Give back every record verbatim, but not the pictures.

RECORD EXCERPTS START

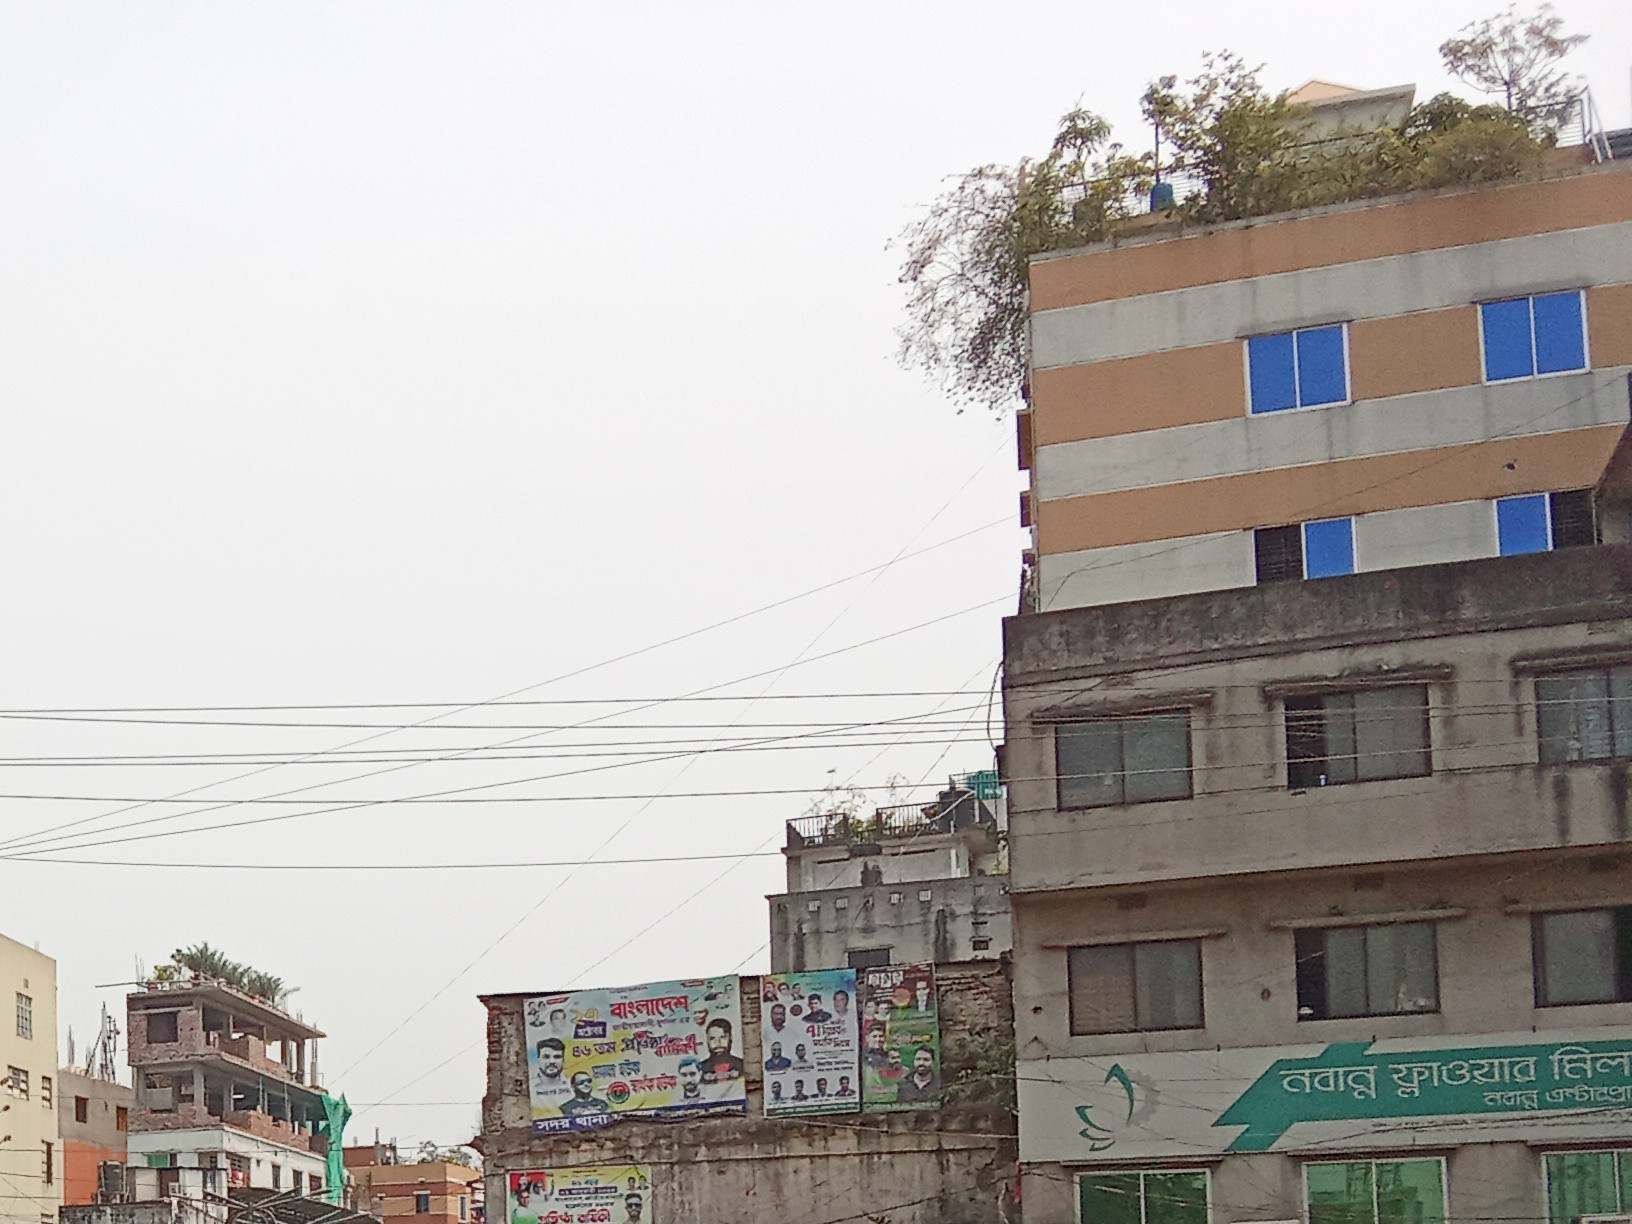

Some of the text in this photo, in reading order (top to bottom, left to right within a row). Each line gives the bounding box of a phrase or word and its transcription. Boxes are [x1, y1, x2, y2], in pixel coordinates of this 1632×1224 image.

[610, 995, 689, 1019] বাংলাদেশ
[1279, 1064, 1378, 1100] নবান্ন
[1388, 1056, 1537, 1099] ফ্লাওয়ার
[1483, 1089, 1539, 1110] নবান্ন
[536, 1114, 608, 1132] সদর থানা
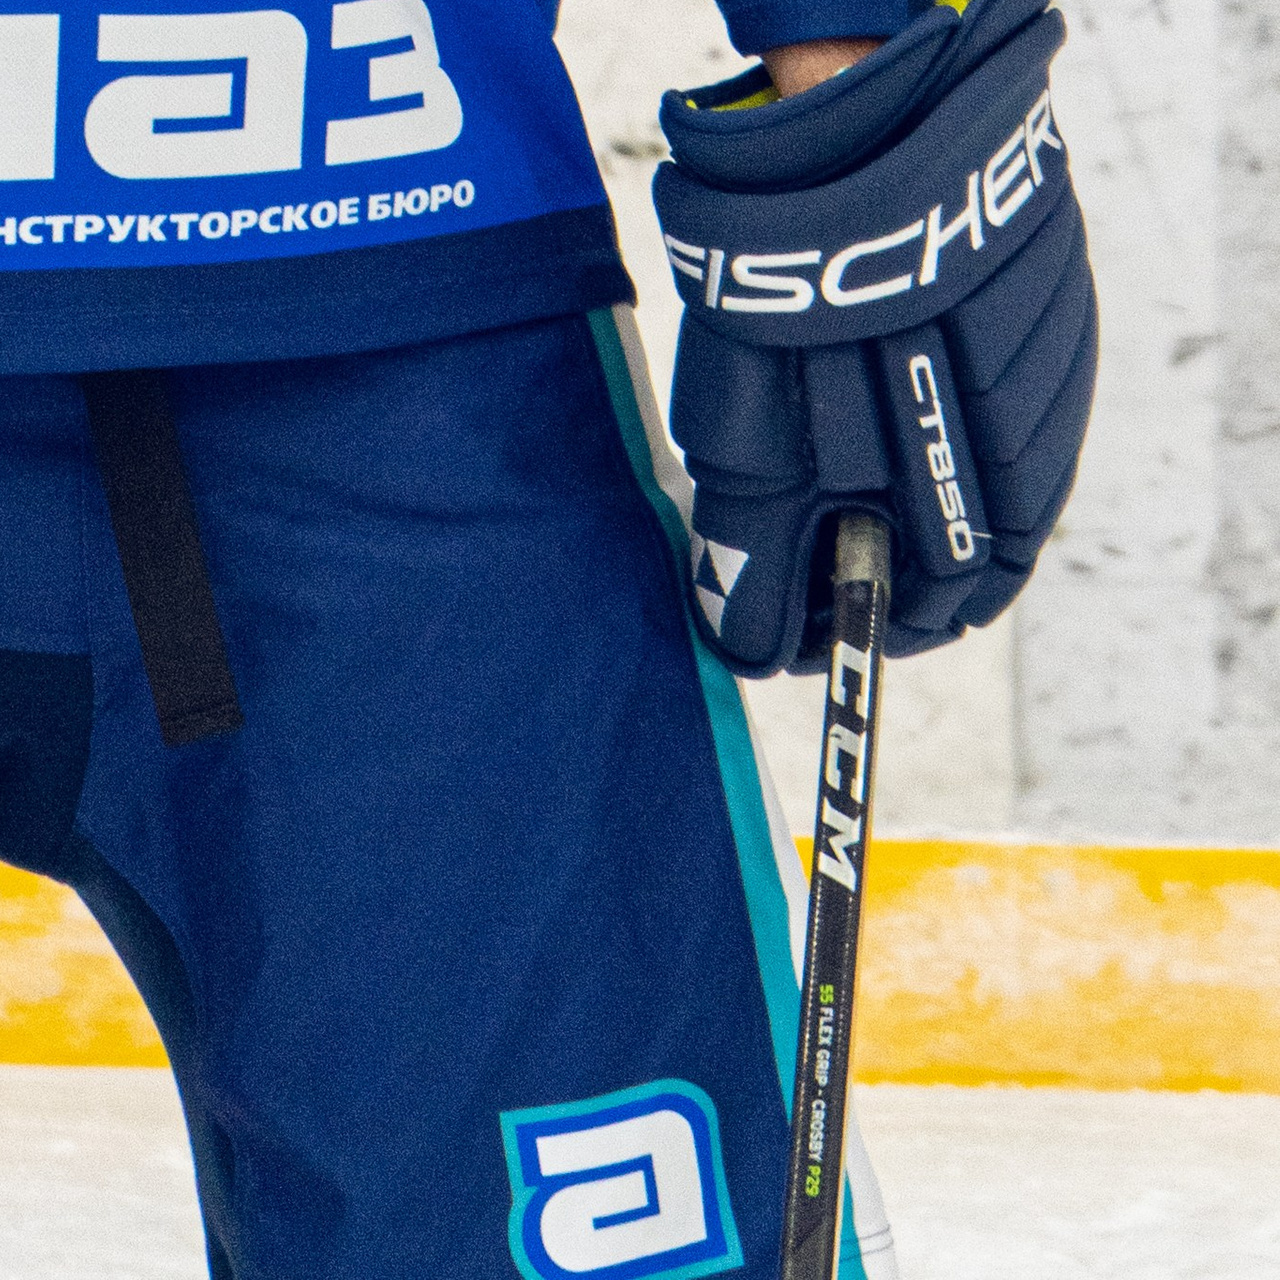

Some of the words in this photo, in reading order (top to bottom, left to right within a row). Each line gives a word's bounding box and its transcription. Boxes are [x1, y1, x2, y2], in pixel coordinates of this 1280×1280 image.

[366, 178, 475, 221] БЮРО
[908, 352, 976, 562] CT850
[817, 639, 872, 892] CCM
[817, 1006, 834, 1046] FLEX
[814, 1048, 831, 1088] GRIP
[807, 1098, 827, 1164] CROSBY
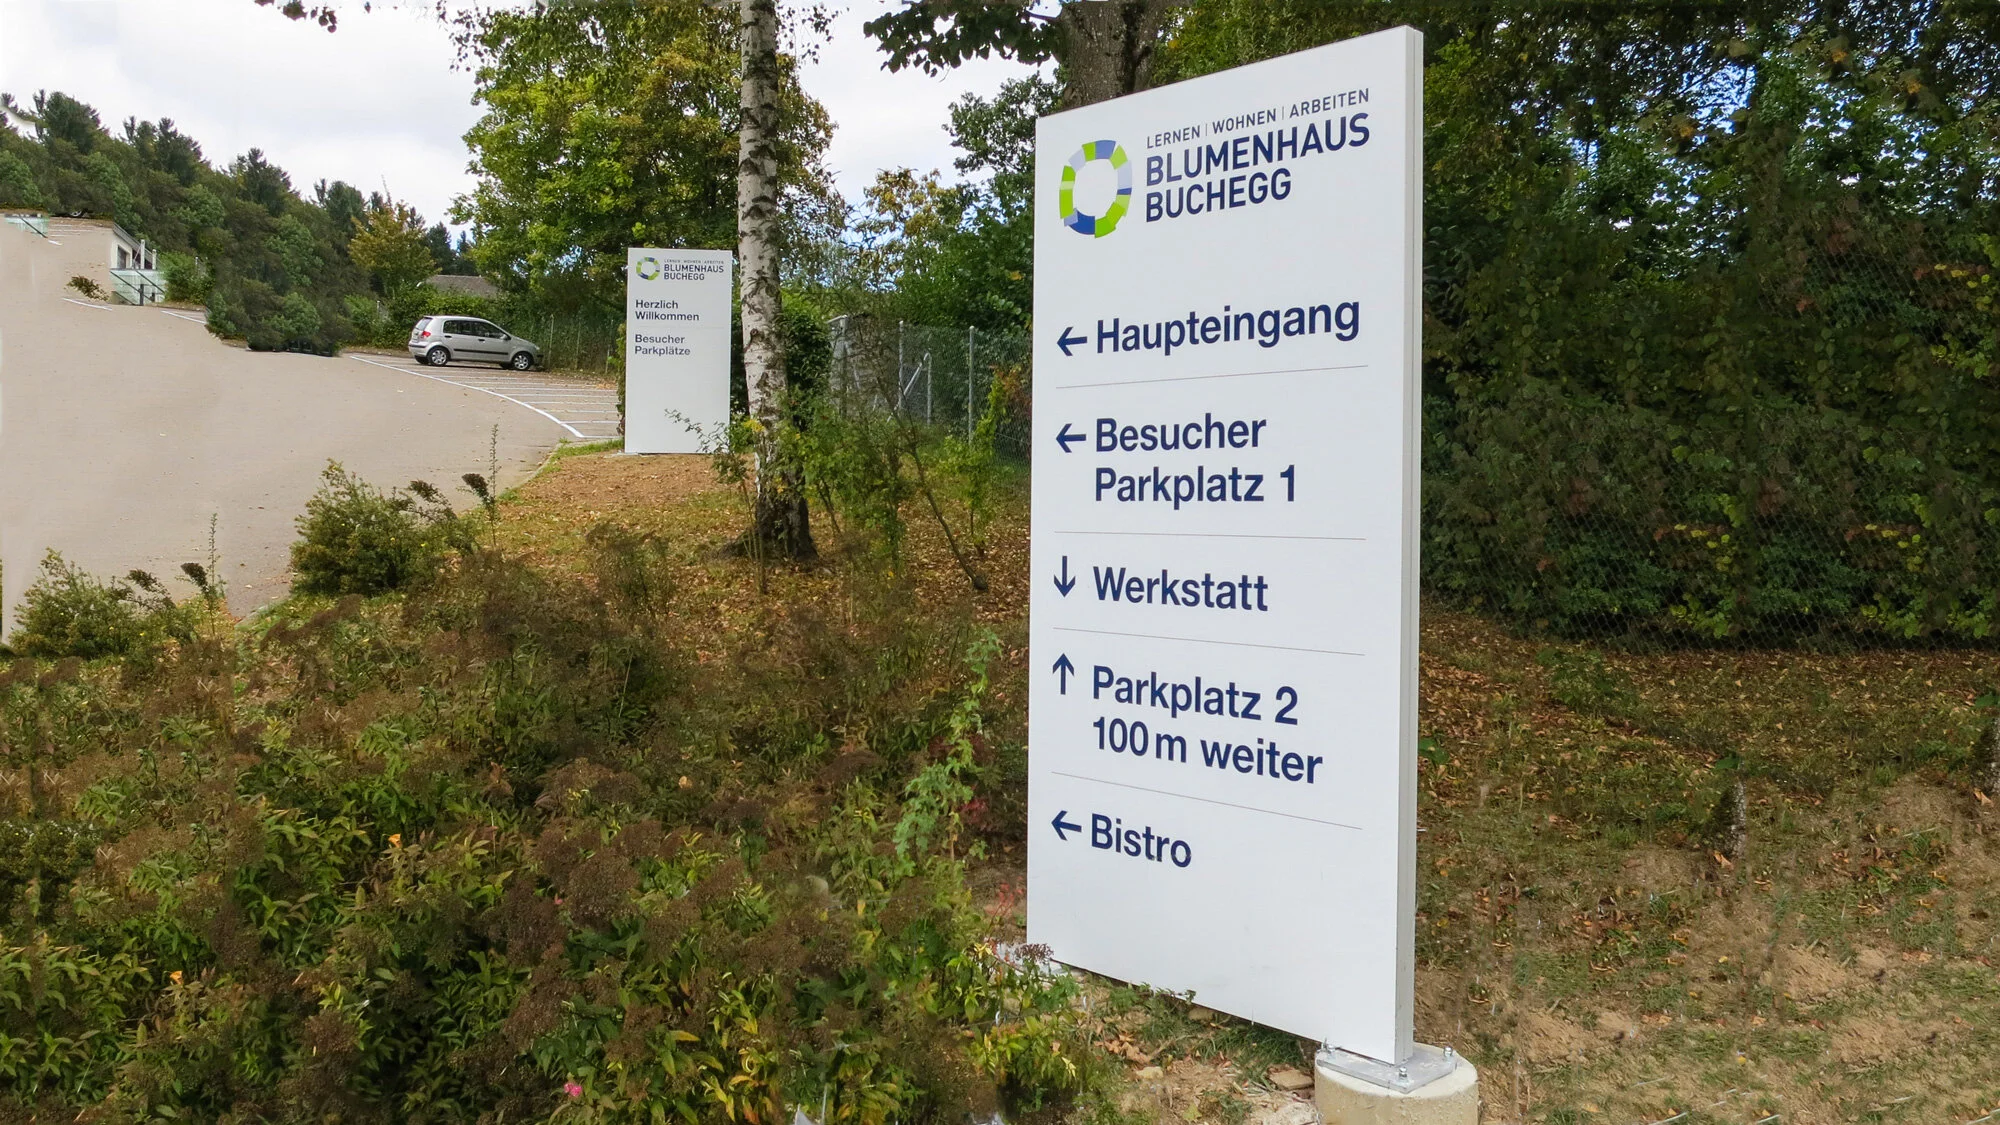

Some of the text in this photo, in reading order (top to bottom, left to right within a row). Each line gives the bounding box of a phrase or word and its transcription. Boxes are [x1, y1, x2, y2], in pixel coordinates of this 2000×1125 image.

RECORD EXCERPTS END

TASK ANSWER:
Some of the text in this photo, in reading order (top to bottom, left to right within a row). Each line gives the bounding box of a phrase or word and its transcription. Boxes are [x1, y1, x2, y2], in pixel coordinates of this 1632×1224 image.

[610, 995, 689, 1019] বাংলাদেশ
[1279, 1064, 1378, 1100] নবান্ন
[1388, 1056, 1537, 1099] ফ্লাওয়ার
[1483, 1089, 1539, 1110] নবান্ন
[536, 1114, 608, 1132] সদর থানা

Some of the words in this photo, in reading order (top to bottom, left to right within a row). Each line gives a word's bounding box and its transcription. Boxes are [x1, y1, x2, y2], in pixel coordinates of this 1280×1280 image.

[366, 178, 475, 221] БЮРО
[908, 352, 976, 562] CT850
[817, 639, 872, 892] CCM
[817, 1006, 834, 1046] FLEX
[814, 1048, 831, 1088] GRIP
[807, 1098, 827, 1164] CROSBY

Some of the text in this photo, in reading order (top to bottom, left to right within a row). Each line gives the bounding box of a phrase or word and its transcription. Boxes are [x1, y1, x2, y2], in pixel coordinates of this 2000×1125 image.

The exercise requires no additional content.